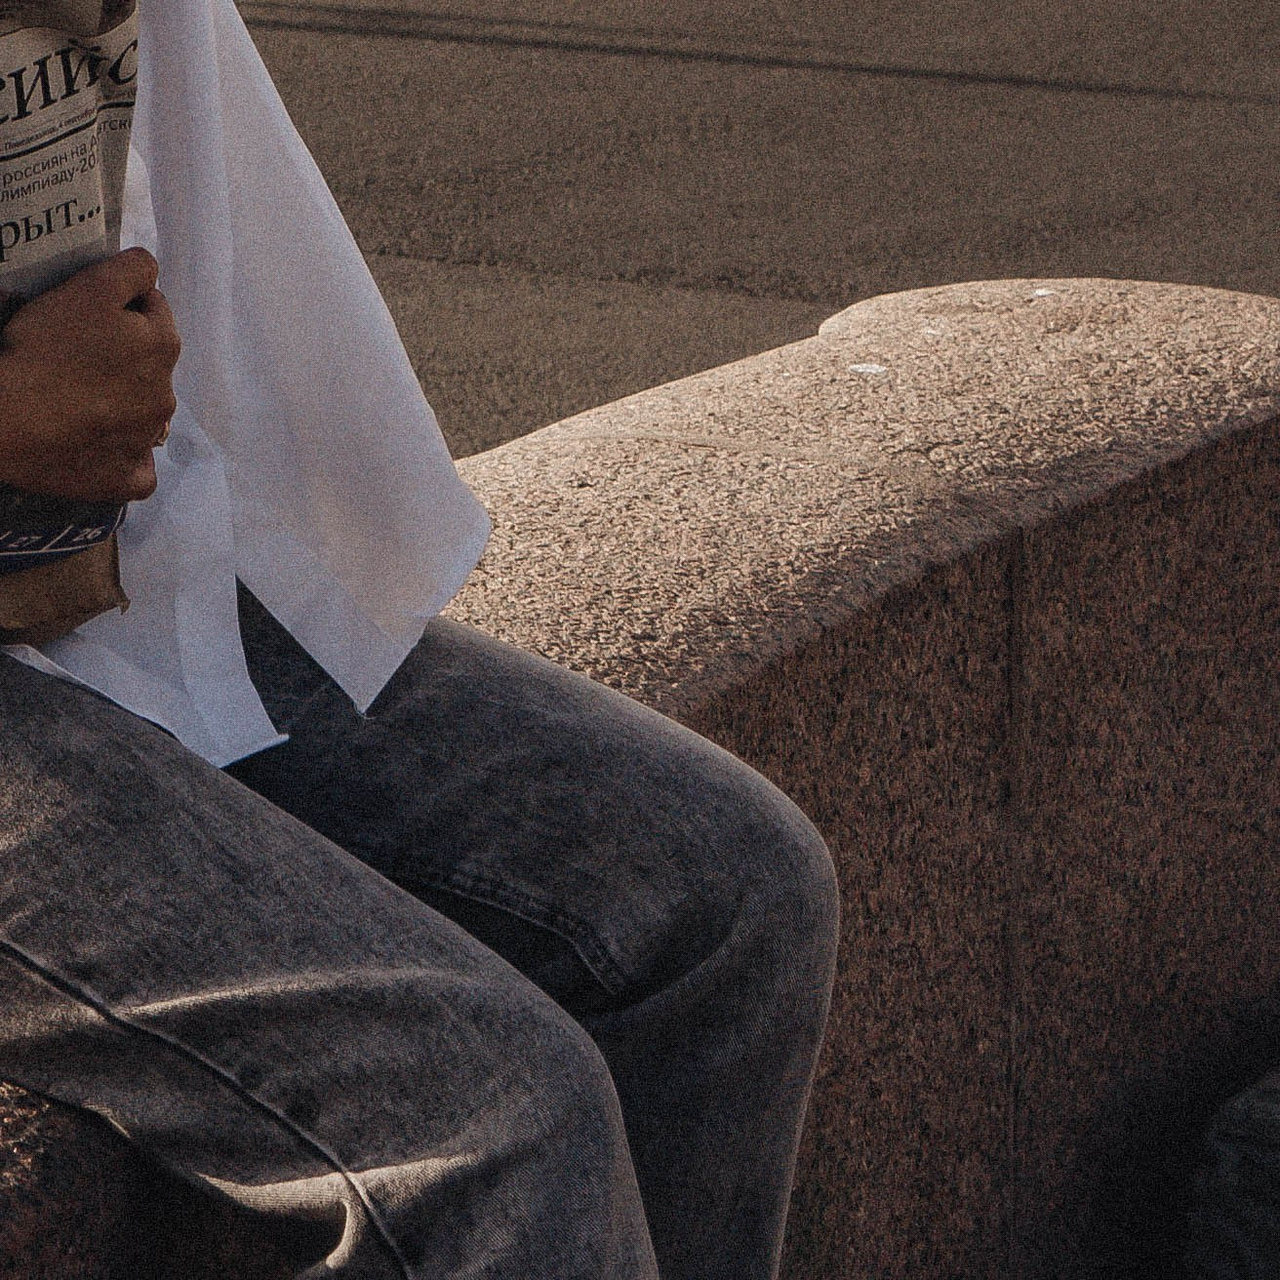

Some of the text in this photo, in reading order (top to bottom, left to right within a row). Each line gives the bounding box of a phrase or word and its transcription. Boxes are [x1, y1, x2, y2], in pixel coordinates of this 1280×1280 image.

[2, 153, 68, 189] россиян
[70, 144, 88, 159] на
[72, 525, 106, 542] 26
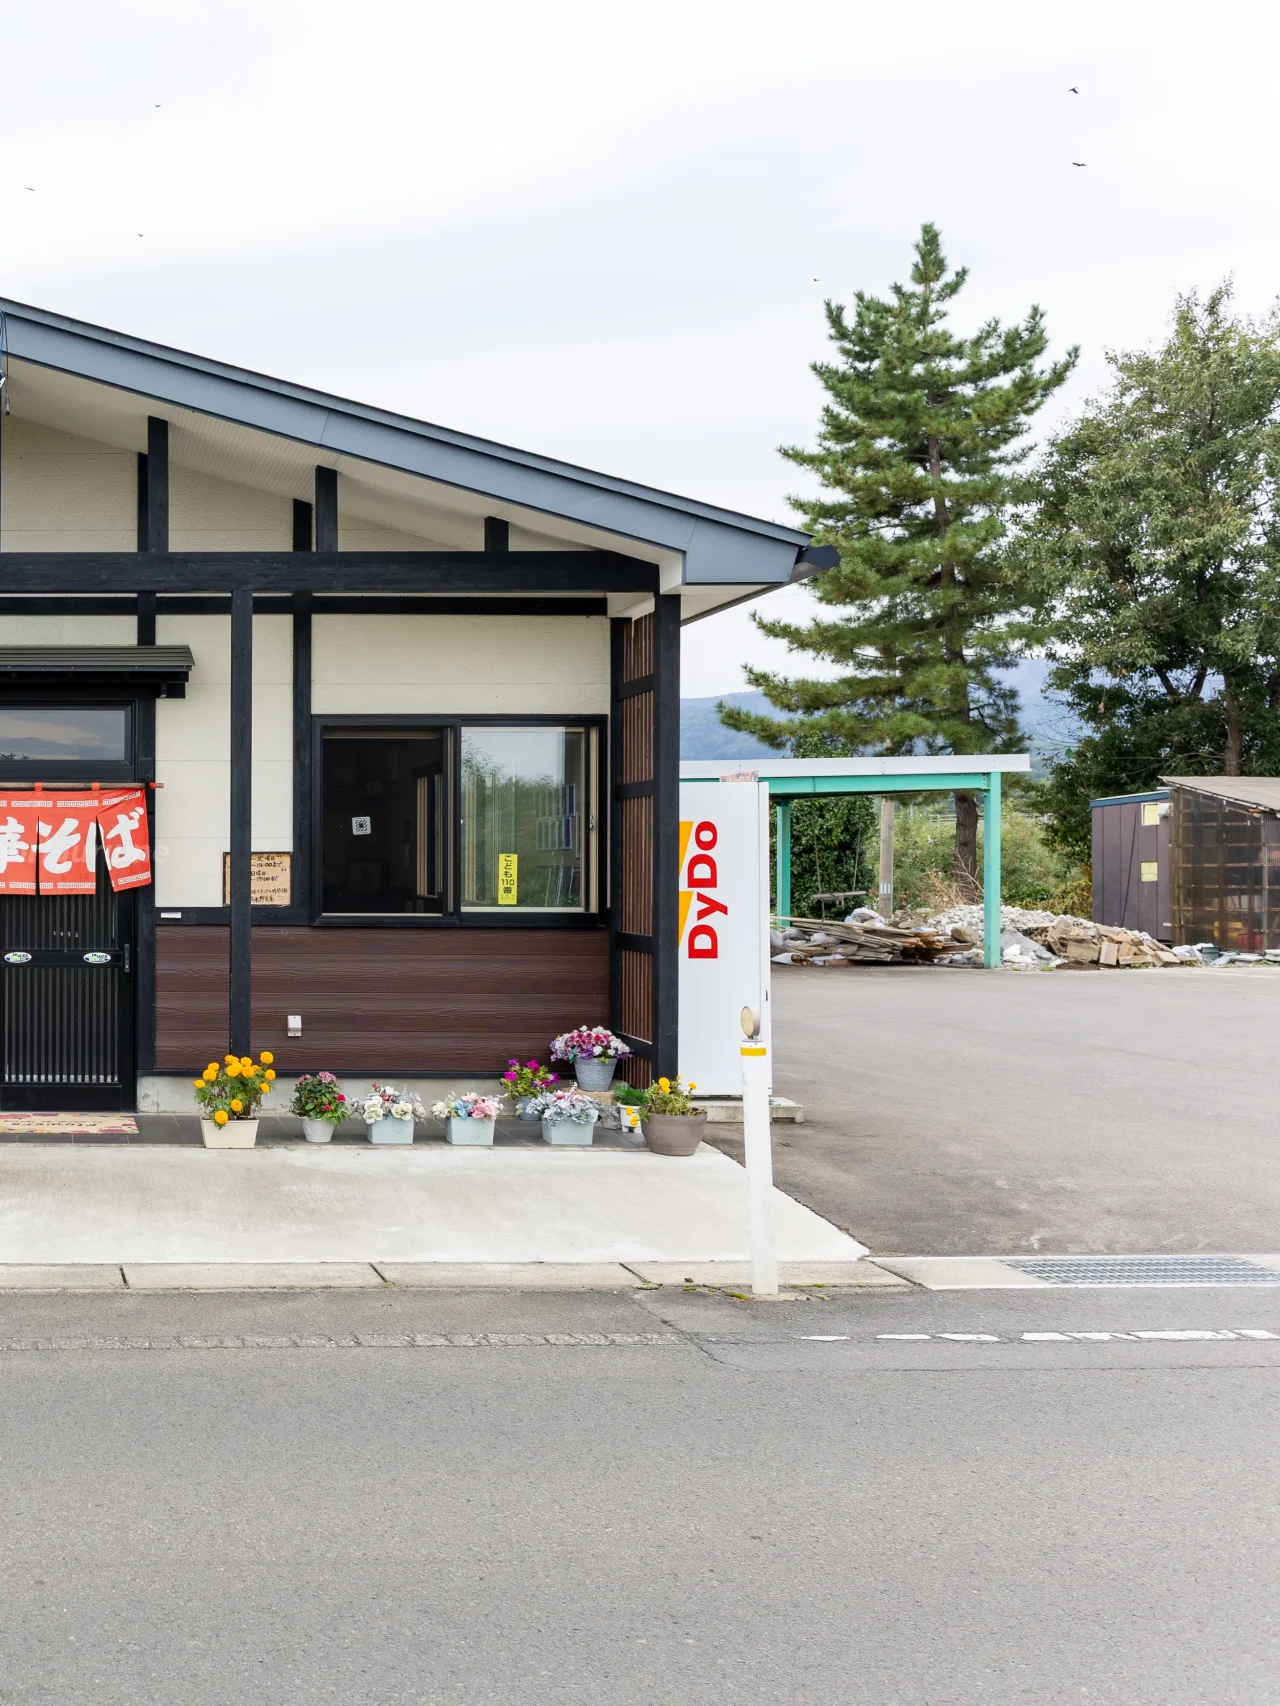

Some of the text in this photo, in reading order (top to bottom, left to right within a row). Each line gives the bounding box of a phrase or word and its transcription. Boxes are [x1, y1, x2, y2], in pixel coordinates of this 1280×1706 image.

[501, 855, 515, 895] こども110番
[687, 821, 728, 959] DyDo
####################
WHAT TO DO:
Write out the listing above exactly, images omitted.

ANSWER TO THIS TASK:
Some of the text in this photo, in reading order (top to bottom, left to right within a row). Each line gives the bounding box of a phrase or word and its transcription. Boxes are [x1, y1, x2, y2], in pixel coordinates of this 1280×1280 image.

[2, 153, 68, 189] россиян
[70, 144, 88, 159] на
[72, 525, 106, 542] 26

Some of the text in this photo, in reading order (top to bottom, left to right within a row). Each line gives the bounding box of a phrase or word and its transcription. Boxes are [x1, y1, x2, y2], in pixel coordinates of this 1280×1706 image.

[501, 855, 515, 895] こども110番
[687, 821, 728, 959] DyDo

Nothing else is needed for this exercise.